Share

INSAIT creates leading Bulgarian-first LLM with Gemma 2

The Institute for Computer Science, Artificial Intelligence and Technology (INSAIT) is a world-class research organization in Sofia, Bulgaria. Since its founding in 2022, INSAIT has attracted top academics and researchers from around the world looking to advance what’s possible in tech. In its push to expand LLM accessibility in Bulgaria, INSAIT created BgGPT, a Bulgarian large language model (LLM) that understands conversational and instruction-based tasks in Bulgarian and English.

After experimenting with other models for BgGPT’s foundation, the BgGPT team decided that Google’s Gemma family of open models was best suited for the task, thanks to its comparatively better performance in Bulgarian and English and its compact size. Using Gemma’s superior language capabilities, INSAIT was able to create a far more efficient and effective bilingual model.

The challenge

INSAIT observed an absence of strong Natural Language Processing (NLP) models in Bulgarian, as much of the world's LLMs are focused on English or Eastern languages like Chinese. The scarcity of models also meant a lack of conversational AI agents that deeply understood the Bulgarian language and cultural nuances while also retaining a reasonable operational cost. INSAIT knew that if they wanted to establish a presence for Bulgaria and Eastern Europe in the AI world, they would have to craft their own LLM with powerful and accurate performance.

Comparison of performance of LLMs in Bulgarian.
Chart comparing the Bulgarian performance of the top LLMs.

The solution

INSAIT researchers created BgGPT to cover a wide range of needs for Bulgarian-speaking developers and users. The model comes in 27B, 9B, and 2B parameter sizes. Both the 27B and 9B variants outpace larger models like Alibaba’s Qwen 2.5 72B and Meta’s Llama 3.1 70B in Bulgarian. Meanwhile, the 2B version outperforms other small language models like Microsoft’s Phi 3.5 and Alibaba’s Qwen 2.5 3B. All three models maintain competitive English performance, thanks to Gemma 2’s impressive linguistic capabilities.

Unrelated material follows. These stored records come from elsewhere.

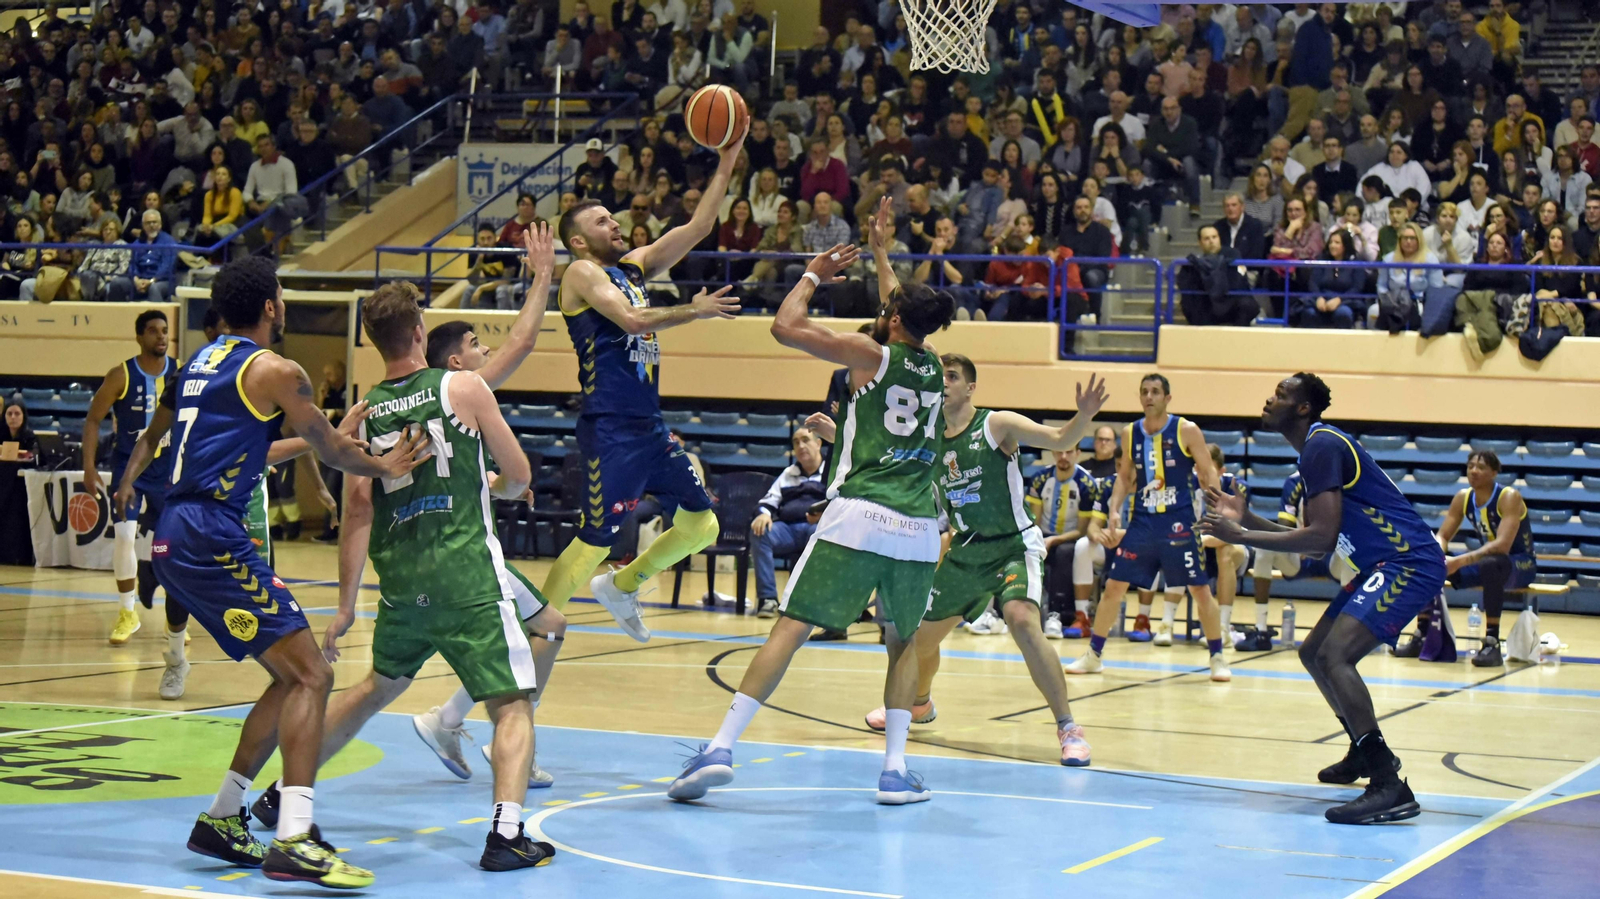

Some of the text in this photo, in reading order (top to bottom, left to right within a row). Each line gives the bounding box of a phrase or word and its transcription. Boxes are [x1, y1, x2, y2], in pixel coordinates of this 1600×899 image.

[71, 315, 93, 326] TV
[369, 388, 436, 420] MCDONNELL
[884, 384, 942, 440] 87
[172, 407, 199, 485] 7
[1184, 551, 1194, 568] 5
[1363, 571, 1385, 593] 0

“Gemma helps us achieve state-of-the-art performance in Bulgarian NLP by providing a robust, scalable foundation for fine-tuning.”

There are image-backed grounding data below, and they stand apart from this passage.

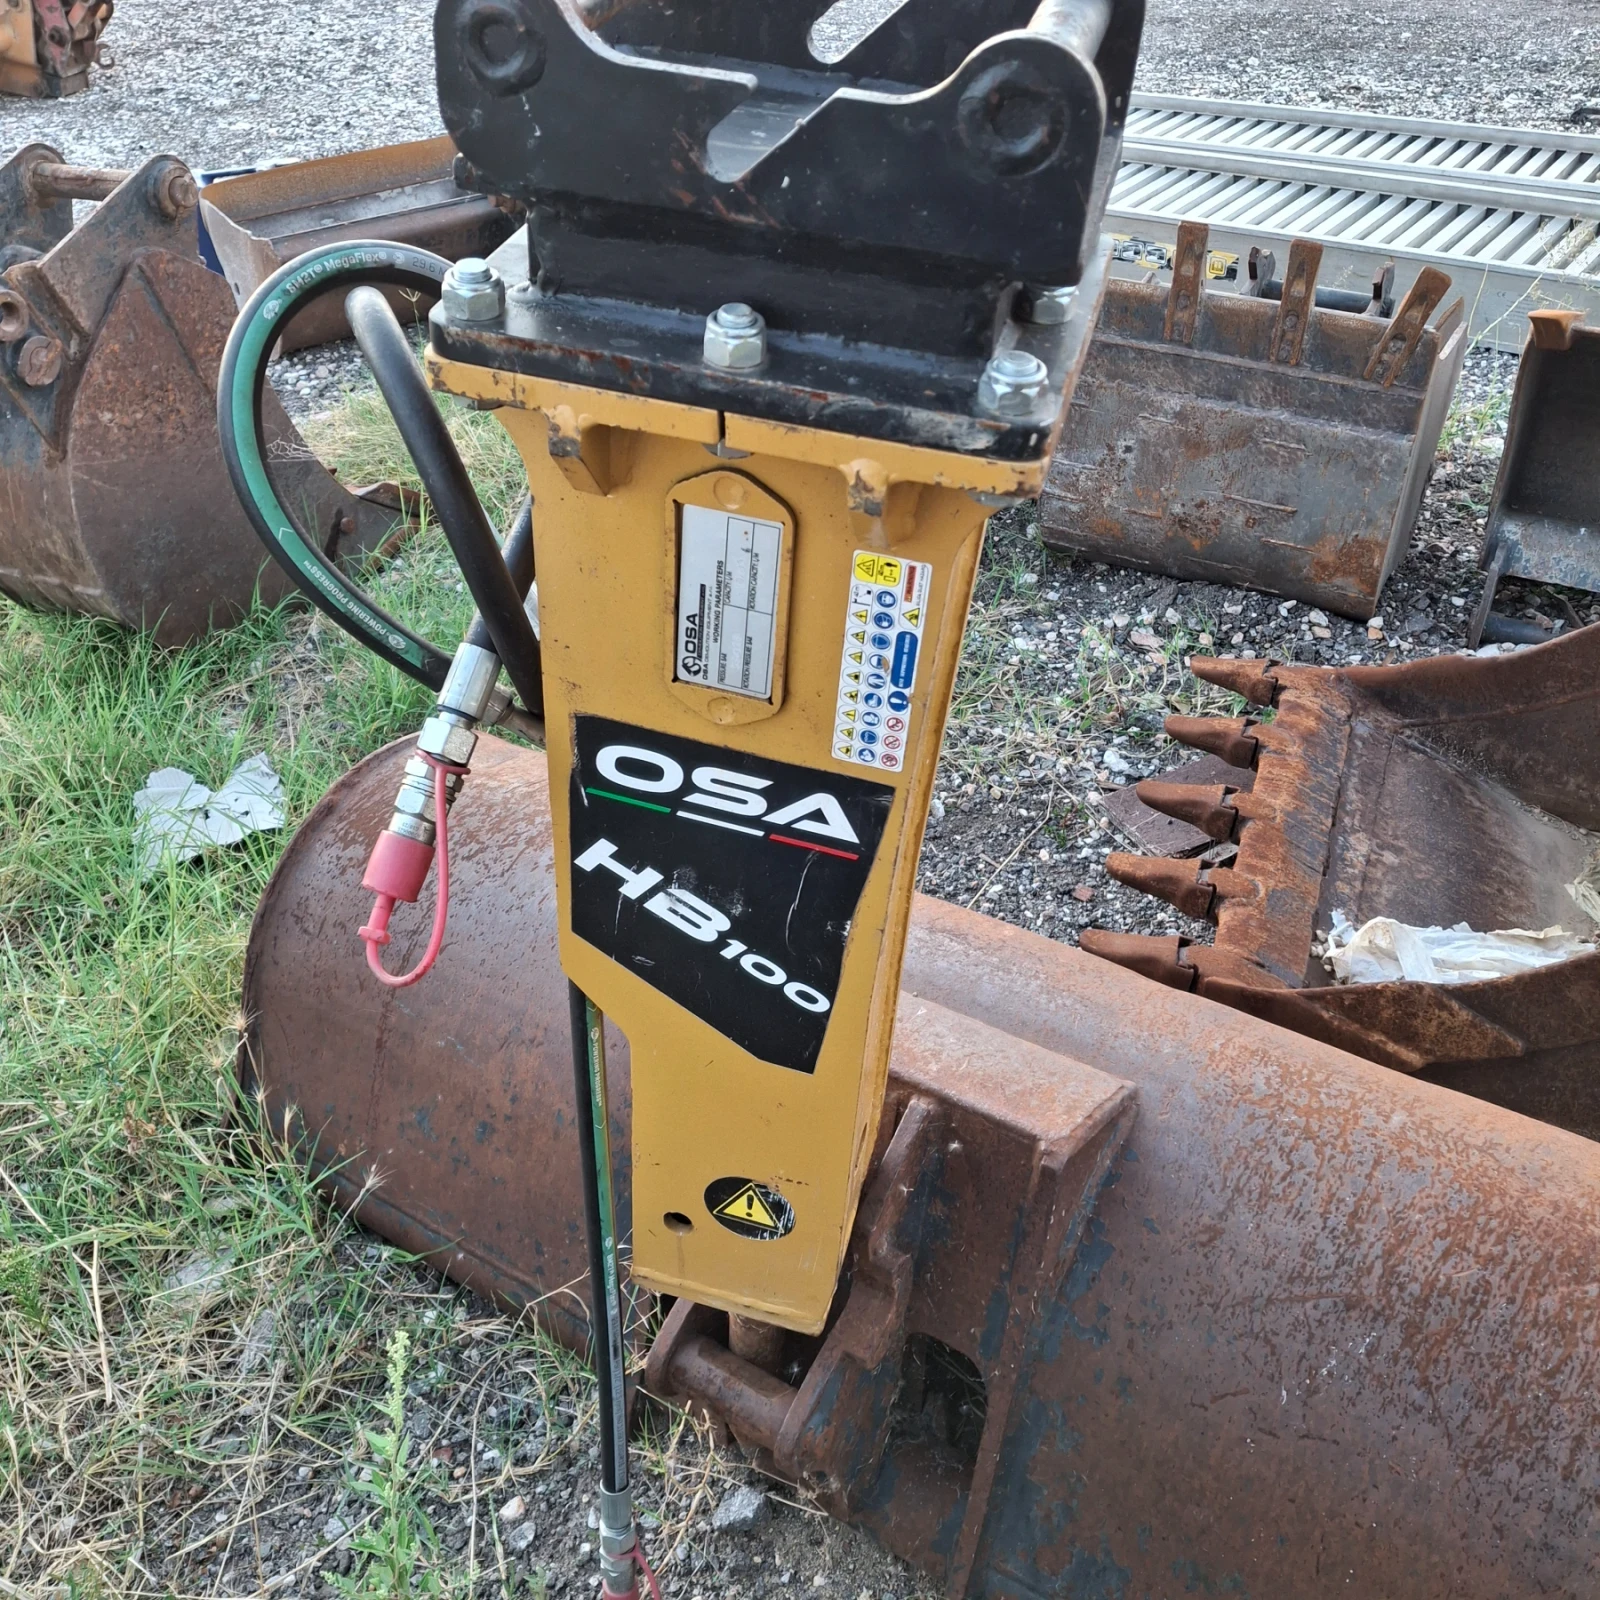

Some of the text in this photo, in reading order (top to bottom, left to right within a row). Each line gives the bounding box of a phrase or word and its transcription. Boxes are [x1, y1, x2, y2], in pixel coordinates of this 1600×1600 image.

[412, 256, 435, 272] 29.6
[346, 601, 387, 635] POWERING
[712, 560, 724, 644] WORKING PARAMETERS
[684, 613, 698, 654] OSA
[595, 745, 860, 844] OSA

— Anton Alexandrov, Doctoral Student at INSAIT

BgGPT was pre-trained on around 85B Bulgarian tokens and 15B in English. One of the more unique elements of BgGPT’s development was the use of INSAIT’s own Branch-and-Merge continual pre-training strategy, which enables the model to learn new information like Bulgarian without replacing or losing old information, like Gemma’s deep understanding of mathematics and English. This phenomenon is referred to as “catastrophic forgetting” and remains a recurring challenge in LLM development.

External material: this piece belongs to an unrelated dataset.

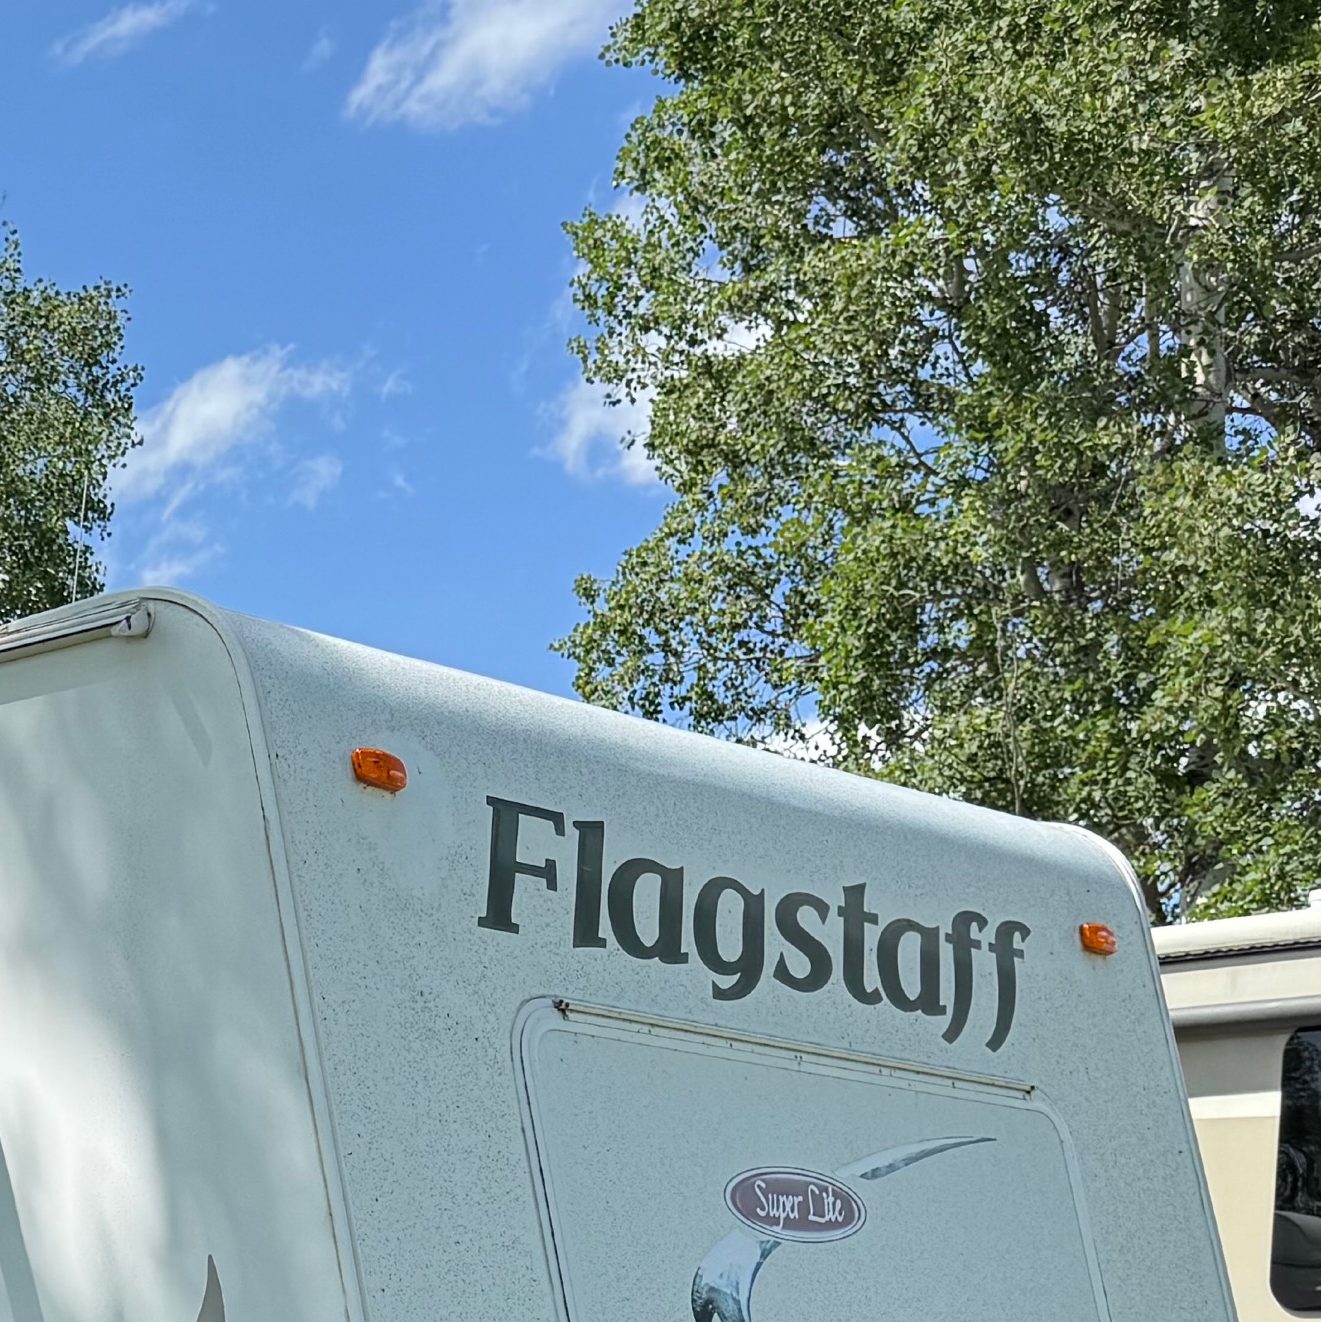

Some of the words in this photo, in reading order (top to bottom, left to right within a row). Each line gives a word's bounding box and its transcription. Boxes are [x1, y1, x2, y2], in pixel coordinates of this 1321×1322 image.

[477, 795, 1032, 1053] Flagstaff
[754, 1179, 803, 1231] Super
[807, 1184, 845, 1224] Lite

Brand-and-Mege pre-training strategy.
Flowchart documenting the Branch-and-Mege pre-training strategy.

The impact

BgGPT now powers the public chat platform at BgGPTt.ai using both its 27B and 2B variants. The 2B models handle specific tasks like rephrasing user queries and classification, while the 27B model handles the conversational elements. Since its release in March 2024, BgGPT.ai has answered millions of user questions. BgGPT’s release also makes INSAIT the first organization in Central and Eastern Europe to launch a globally competitive publicly developed LLM, establishing the organization as a leader in the region.

INSAIT has also shared its Branch-and-Merge continual pre-training strategy with developers, which has the potential to rapidly accelerate the growth of AI models. It has also shared its entire training pipeline. The ability to continually expand an LLM’s knowledge base without the loss of prior data stands to improve training efficiency and make LLMs smarter.

48k+

Downloads on Hugging Face*

5M

Questions answered on BgGPT.ai

  • *number of downloads from December 1 - December 31, 2024

What’s next

Adoption of BgGPT continues to grow. Pilot programs have begun at Bulgarian government agencies like the National Revenue Agency (NRA), testing the LLM’s effectiveness in specialized scenarios. INSAIT has also expressed interest in expanding BgGPT’s reach to other areas like education, public administration, and business automations.

The passionate developers, researchers, and academics at INSAIT are committed to furthering AI technology in Eastern Europe and abroad. Looking ahead, INSAIT plans to improve BgGPT with the potential incorporation of function-calling and further fine tuning with larger base models as well as training models for other countries.